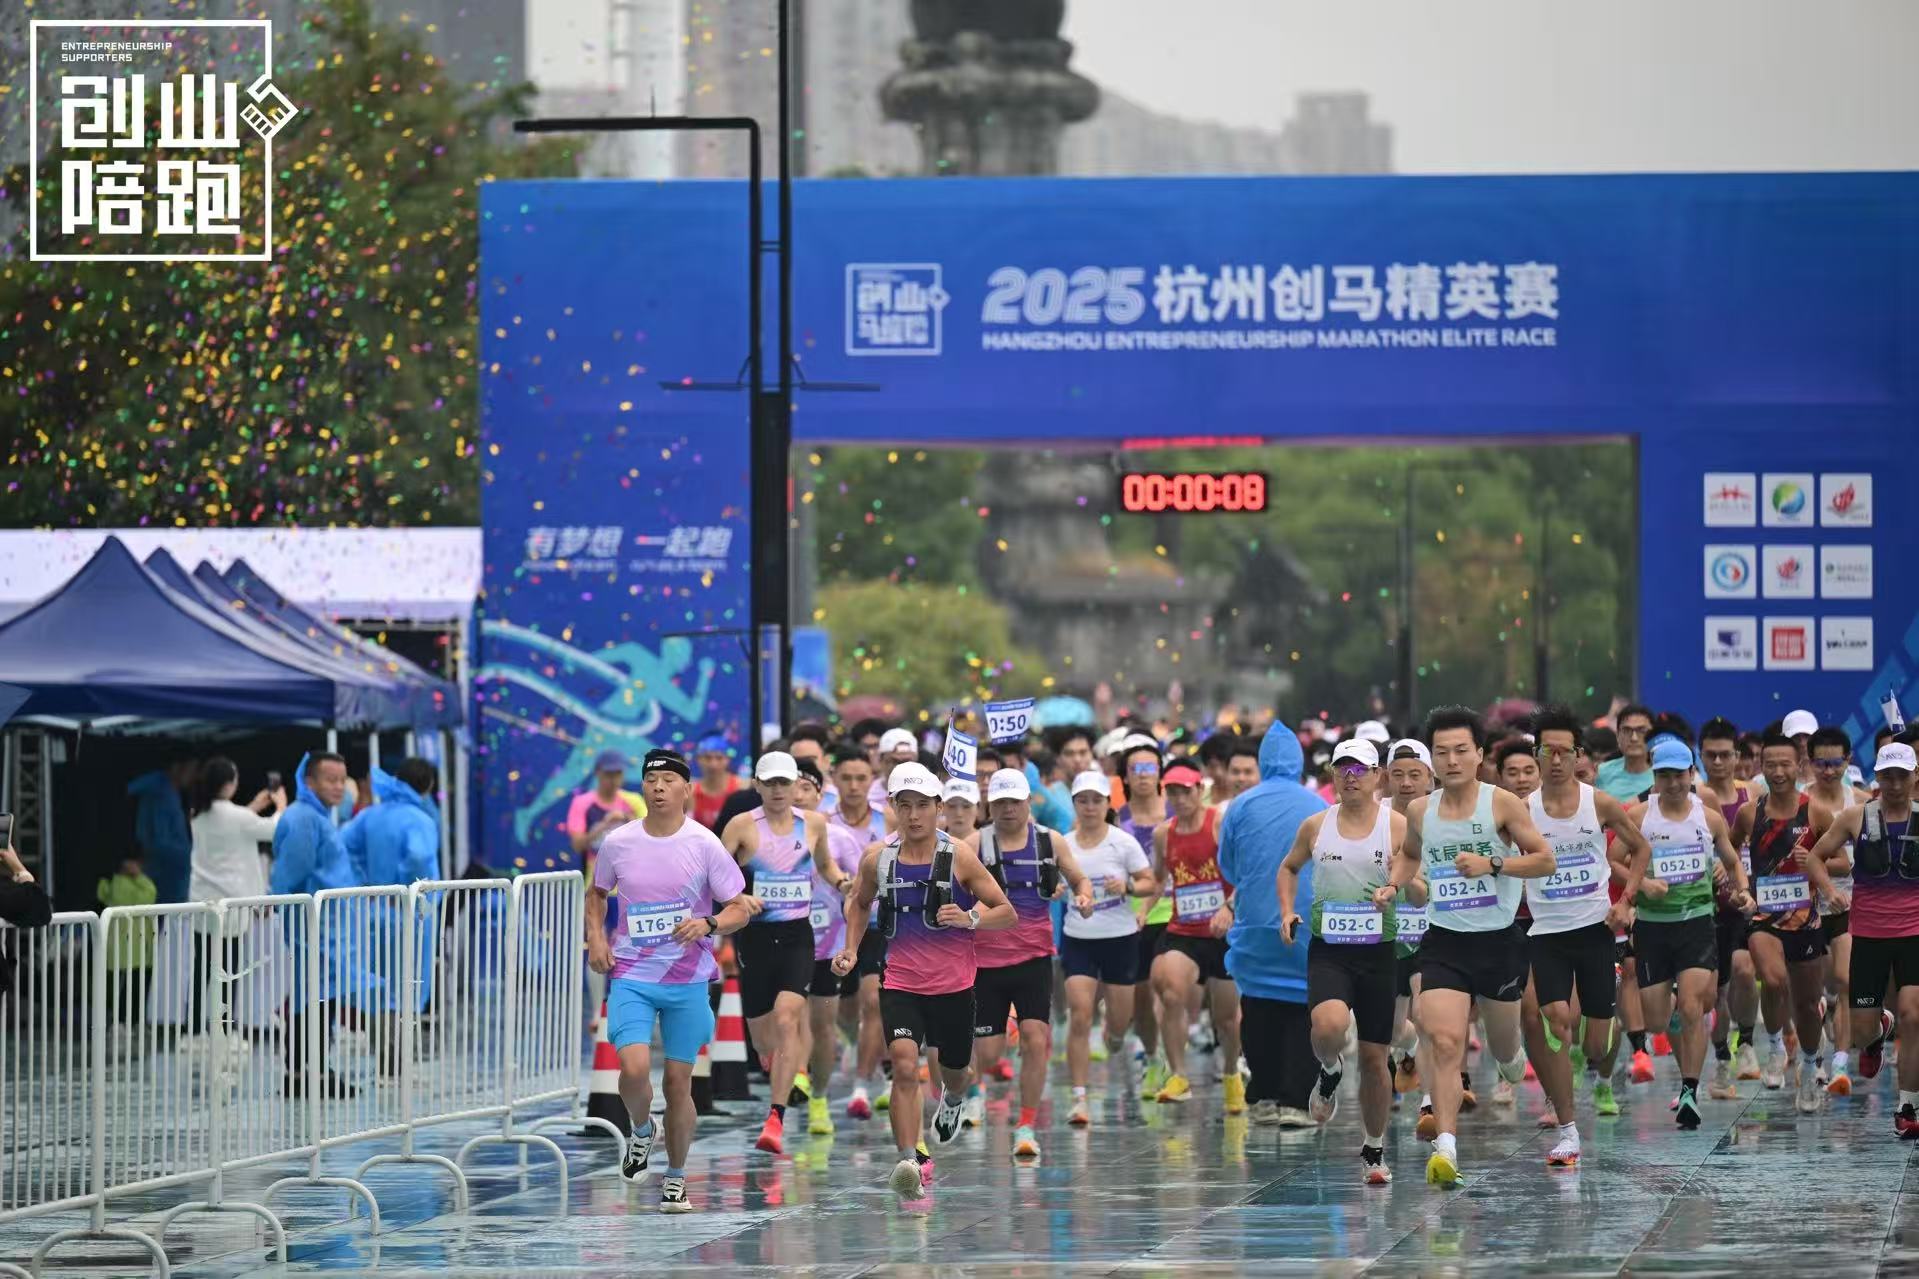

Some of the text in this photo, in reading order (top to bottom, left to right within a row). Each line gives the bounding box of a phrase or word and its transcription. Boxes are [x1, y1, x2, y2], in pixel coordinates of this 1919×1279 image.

[981, 327, 1557, 351] HANGZHOU ENTREPRENEURSHIP MARATHON ELITE RACE
[1123, 473, 1265, 512] 00:00:08
[1660, 858, 1701, 873] 052-D
[1545, 870, 1590, 886] 254-D
[760, 885, 804, 898] 268-A
[1439, 880, 1488, 897] 052-A
[1763, 887, 1803, 901] 194-B
[1328, 917, 1375, 932] 052-C
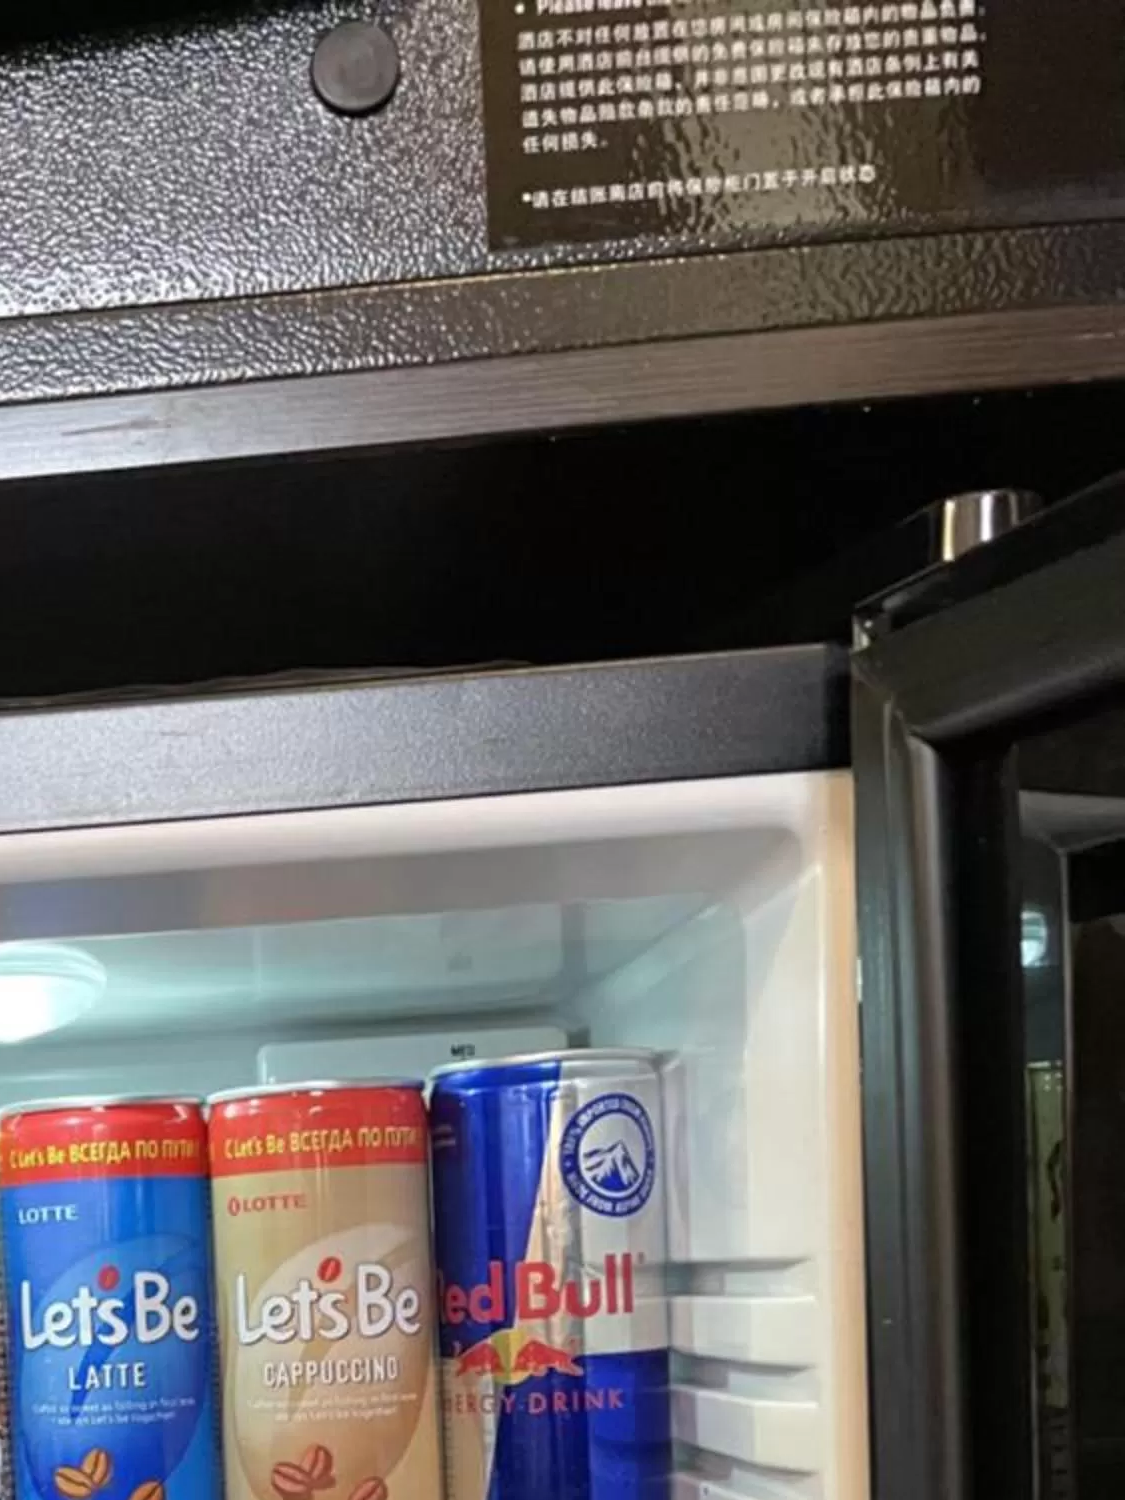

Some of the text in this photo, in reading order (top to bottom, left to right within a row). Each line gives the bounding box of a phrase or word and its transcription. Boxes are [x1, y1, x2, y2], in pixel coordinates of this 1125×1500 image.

[46, 1144, 67, 1165] Be
[69, 1139, 132, 1165] ВСЕГДА
[134, 1139, 159, 1160] ПО
[266, 1134, 285, 1154] Be
[289, 1128, 354, 1153] ВСЕГДА
[357, 1127, 382, 1147] ПО
[18, 1203, 80, 1225] LOTTE
[243, 1193, 308, 1213] LOTTE
[357, 1263, 421, 1338] Be
[439, 1253, 634, 1324] ed Bull
[133, 1270, 201, 1345] Be
[68, 1361, 148, 1392] LATTE
[263, 1355, 400, 1388] CAPPUCCINO
[528, 1387, 624, 1415] DRINK
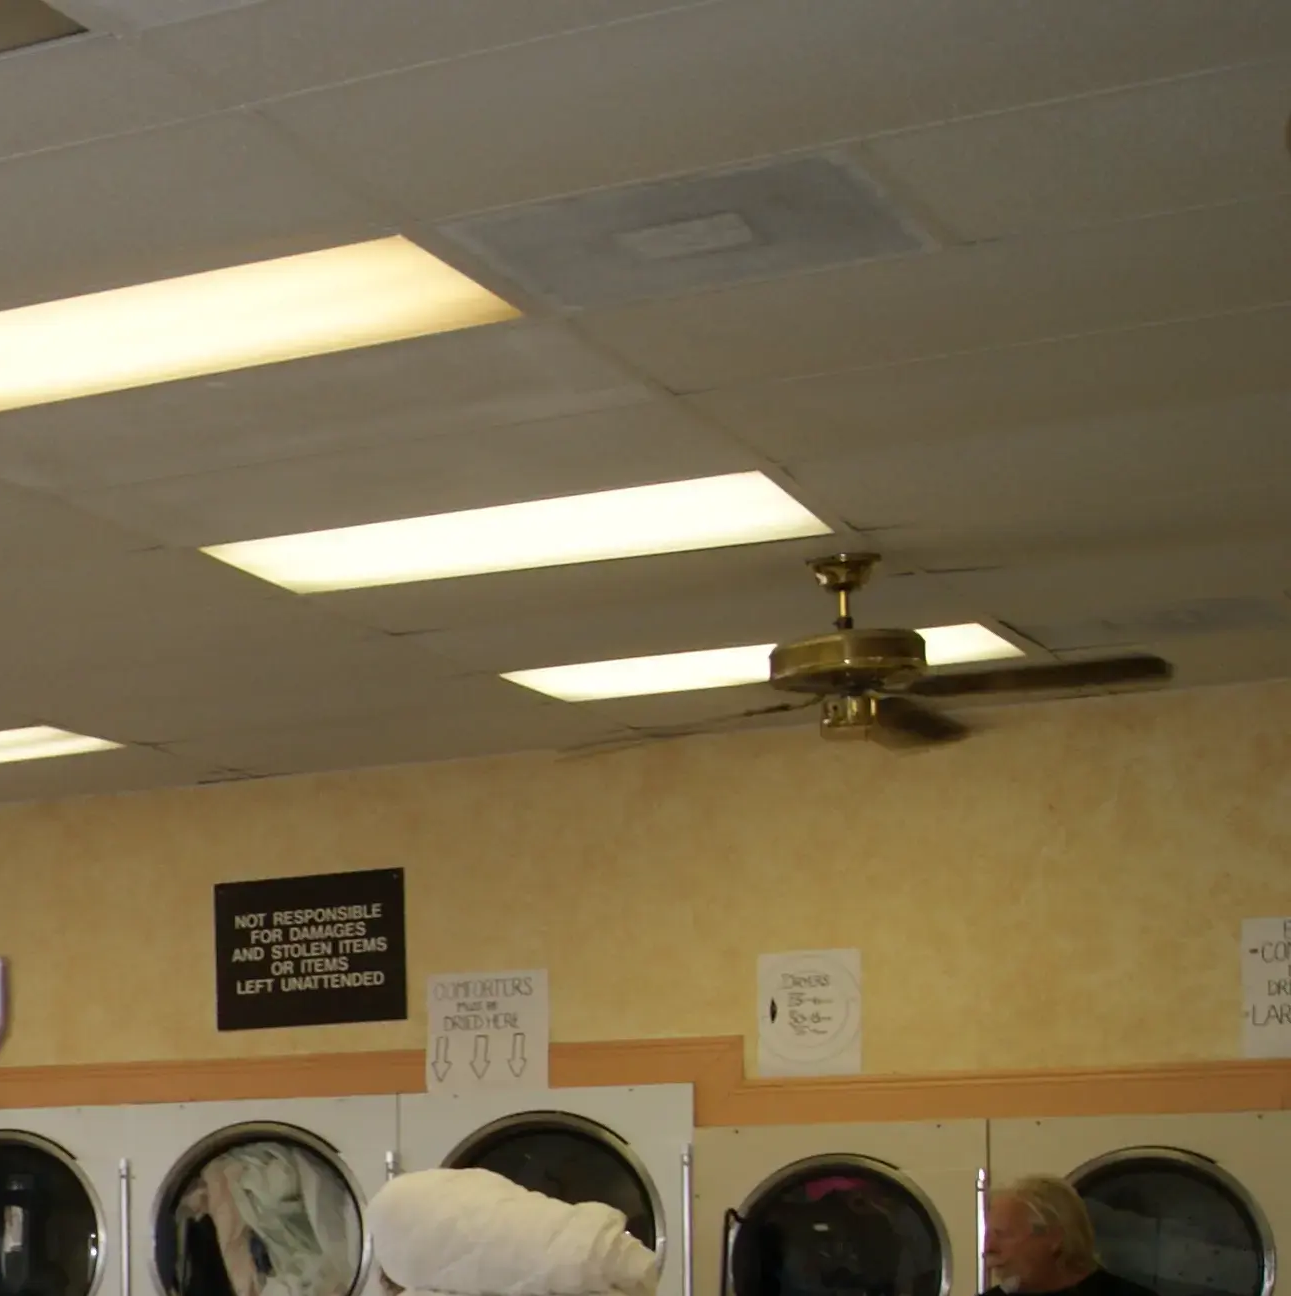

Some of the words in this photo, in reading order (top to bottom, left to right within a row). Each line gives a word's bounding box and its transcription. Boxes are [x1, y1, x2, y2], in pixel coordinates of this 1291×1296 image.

[234, 912, 267, 930] NOT
[272, 902, 383, 927] RESPONSIBLE
[250, 928, 283, 945] FOR
[289, 921, 367, 942] DAMAGES
[232, 946, 265, 963] AND
[271, 941, 332, 960] STOLEN
[338, 936, 389, 955] ITEMS
[271, 960, 294, 976] OR
[300, 956, 350, 974] ITEMS
[236, 978, 274, 995] LEFT
[280, 970, 385, 993] UNATTENDED

Aim of the task — Give the lines of the entries above exactly as they appear, leaving out each picture.

Solution —
Some of the text in this photo, in reading order (top to bottom, left to right within a row). Each line gives the bounding box of a phrase or word and its transcription. Boxes are [x1, y1, x2, y2], in pixel coordinates of this 1919×1279 image.

[981, 327, 1557, 351] HANGZHOU ENTREPRENEURSHIP MARATHON ELITE RACE
[1123, 473, 1265, 512] 00:00:08
[1660, 858, 1701, 873] 052-D
[1545, 870, 1590, 886] 254-D
[760, 885, 804, 898] 268-A
[1439, 880, 1488, 897] 052-A
[1763, 887, 1803, 901] 194-B
[1328, 917, 1375, 932] 052-C

Some of the text in this photo, in reading order (top to bottom, left to right within a row). Each line gives the bounding box of a phrase or word and its transcription. Boxes are [x1, y1, x2, y2], in pixel coordinates of this 1125×1500 image.

[46, 1144, 67, 1165] Be
[69, 1139, 132, 1165] ВСЕГДА
[134, 1139, 159, 1160] ПО
[266, 1134, 285, 1154] Be
[289, 1128, 354, 1153] ВСЕГДА
[357, 1127, 382, 1147] ПО
[18, 1203, 80, 1225] LOTTE
[243, 1193, 308, 1213] LOTTE
[357, 1263, 421, 1338] Be
[439, 1253, 634, 1324] ed Bull
[133, 1270, 201, 1345] Be
[68, 1361, 148, 1392] LATTE
[263, 1355, 400, 1388] CAPPUCCINO
[528, 1387, 624, 1415] DRINK

Some of the words in this photo, in reading order (top to bottom, left to right within a row). Each line gives a word's bounding box and its transcription. Boxes are [x1, y1, x2, y2], in pixel coordinates of this 1291×1296 image.

[234, 912, 267, 930] NOT
[272, 902, 383, 927] RESPONSIBLE
[250, 928, 283, 945] FOR
[289, 921, 367, 942] DAMAGES
[232, 946, 265, 963] AND
[271, 941, 332, 960] STOLEN
[338, 936, 389, 955] ITEMS
[271, 960, 294, 976] OR
[300, 956, 350, 974] ITEMS
[236, 978, 274, 995] LEFT
[280, 970, 385, 993] UNATTENDED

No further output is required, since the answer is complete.